INFORMATION SUPPLIED below:

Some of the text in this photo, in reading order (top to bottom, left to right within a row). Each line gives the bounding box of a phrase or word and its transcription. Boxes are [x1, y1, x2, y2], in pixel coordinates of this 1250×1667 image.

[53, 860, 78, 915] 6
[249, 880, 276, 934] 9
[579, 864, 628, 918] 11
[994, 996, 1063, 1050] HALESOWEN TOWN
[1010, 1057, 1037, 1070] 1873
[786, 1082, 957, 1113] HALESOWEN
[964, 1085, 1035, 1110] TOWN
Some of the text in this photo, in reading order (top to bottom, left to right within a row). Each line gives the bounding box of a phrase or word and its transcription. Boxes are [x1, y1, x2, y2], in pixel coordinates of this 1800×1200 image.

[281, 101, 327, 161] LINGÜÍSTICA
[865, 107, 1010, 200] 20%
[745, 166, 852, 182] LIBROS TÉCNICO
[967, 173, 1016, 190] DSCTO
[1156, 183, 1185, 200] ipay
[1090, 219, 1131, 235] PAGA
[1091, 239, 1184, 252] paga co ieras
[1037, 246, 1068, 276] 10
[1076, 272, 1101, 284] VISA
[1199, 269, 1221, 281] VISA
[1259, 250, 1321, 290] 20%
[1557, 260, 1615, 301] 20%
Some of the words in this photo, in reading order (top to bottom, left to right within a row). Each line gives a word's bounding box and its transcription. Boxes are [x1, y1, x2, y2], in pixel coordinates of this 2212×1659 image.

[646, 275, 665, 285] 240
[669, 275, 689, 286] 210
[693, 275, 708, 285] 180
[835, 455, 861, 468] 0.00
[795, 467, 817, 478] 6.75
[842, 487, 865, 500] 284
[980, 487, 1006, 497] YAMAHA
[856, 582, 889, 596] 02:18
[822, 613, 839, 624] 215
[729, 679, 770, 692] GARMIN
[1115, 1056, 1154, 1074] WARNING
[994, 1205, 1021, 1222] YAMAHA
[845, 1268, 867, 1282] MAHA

End of INFORMATION SUPPLIED.

The records shown above must be returned in full, exactly as written.

■ **EXPECTED OUTPUT**
Some of the text in this photo, in reading order (top to bottom, left to right within a row). Each line gives the bounding box of a phrase or word and its transcription. Boxes are [x1, y1, x2, y2], in pixel coordinates of this 1250×1667 image.

[53, 860, 78, 915] 6
[249, 880, 276, 934] 9
[579, 864, 628, 918] 11
[994, 996, 1063, 1050] HALESOWEN TOWN
[1010, 1057, 1037, 1070] 1873
[786, 1082, 957, 1113] HALESOWEN
[964, 1085, 1035, 1110] TOWN
Some of the text in this photo, in reading order (top to bottom, left to right within a row). Each line gives the bounding box of a phrase or word and its transcription. Boxes are [x1, y1, x2, y2], in pixel coordinates of this 1800×1200 image.

[281, 101, 327, 161] LINGÜÍSTICA
[865, 107, 1010, 200] 20%
[745, 166, 852, 182] LIBROS TÉCNICO
[967, 173, 1016, 190] DSCTO
[1156, 183, 1185, 200] ipay
[1090, 219, 1131, 235] PAGA
[1091, 239, 1184, 252] paga co ieras
[1037, 246, 1068, 276] 10
[1076, 272, 1101, 284] VISA
[1199, 269, 1221, 281] VISA
[1259, 250, 1321, 290] 20%
[1557, 260, 1615, 301] 20%
Some of the words in this photo, in reading order (top to bottom, left to right within a row). Each line gives a word's bounding box and its transcription. Boxes are [x1, y1, x2, y2], in pixel coordinates of this 2212×1659 image.

[646, 275, 665, 285] 240
[669, 275, 689, 286] 210
[693, 275, 708, 285] 180
[835, 455, 861, 468] 0.00
[795, 467, 817, 478] 6.75
[842, 487, 865, 500] 284
[980, 487, 1006, 497] YAMAHA
[856, 582, 889, 596] 02:18
[822, 613, 839, 624] 215
[729, 679, 770, 692] GARMIN
[1115, 1056, 1154, 1074] WARNING
[994, 1205, 1021, 1222] YAMAHA
[845, 1268, 867, 1282] MAHA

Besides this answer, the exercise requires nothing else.